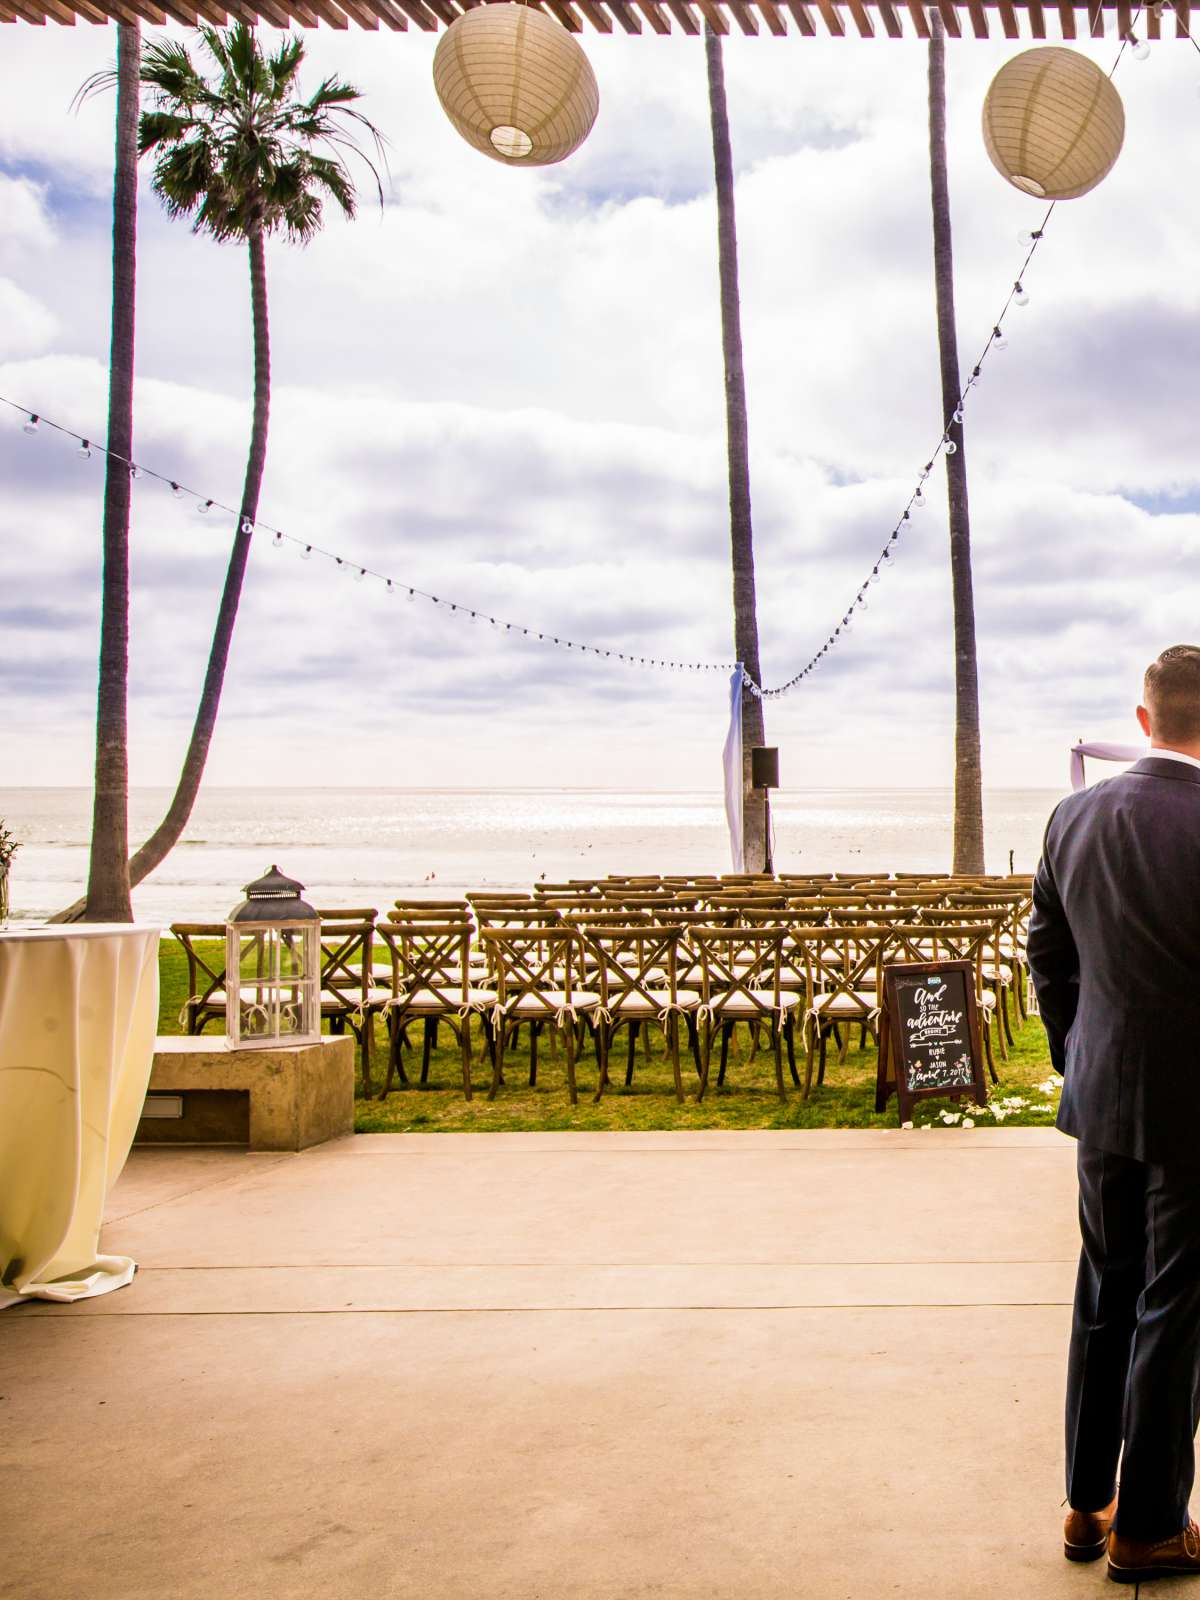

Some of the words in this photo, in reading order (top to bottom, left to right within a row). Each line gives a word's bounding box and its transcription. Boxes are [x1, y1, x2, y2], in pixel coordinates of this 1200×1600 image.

[907, 1010, 963, 1029] adventure
[928, 1047, 945, 1055] RUBIE
[929, 1061, 947, 1069] JASON
[950, 1068, 965, 1076] 2017

### EXERCISE DIRECTIONS
Without the pictures, print the whole listing exactly as given.

### SOLUTION BELOW
Some of the words in this photo, in reading order (top to bottom, left to right within a row). Each line gives a word's bounding box and its transcription. Boxes are [x1, y1, x2, y2], in pixel coordinates of this 1200×1600 image.

[907, 1010, 963, 1029] adventure
[928, 1047, 945, 1055] RUBIE
[929, 1061, 947, 1069] JASON
[950, 1068, 965, 1076] 2017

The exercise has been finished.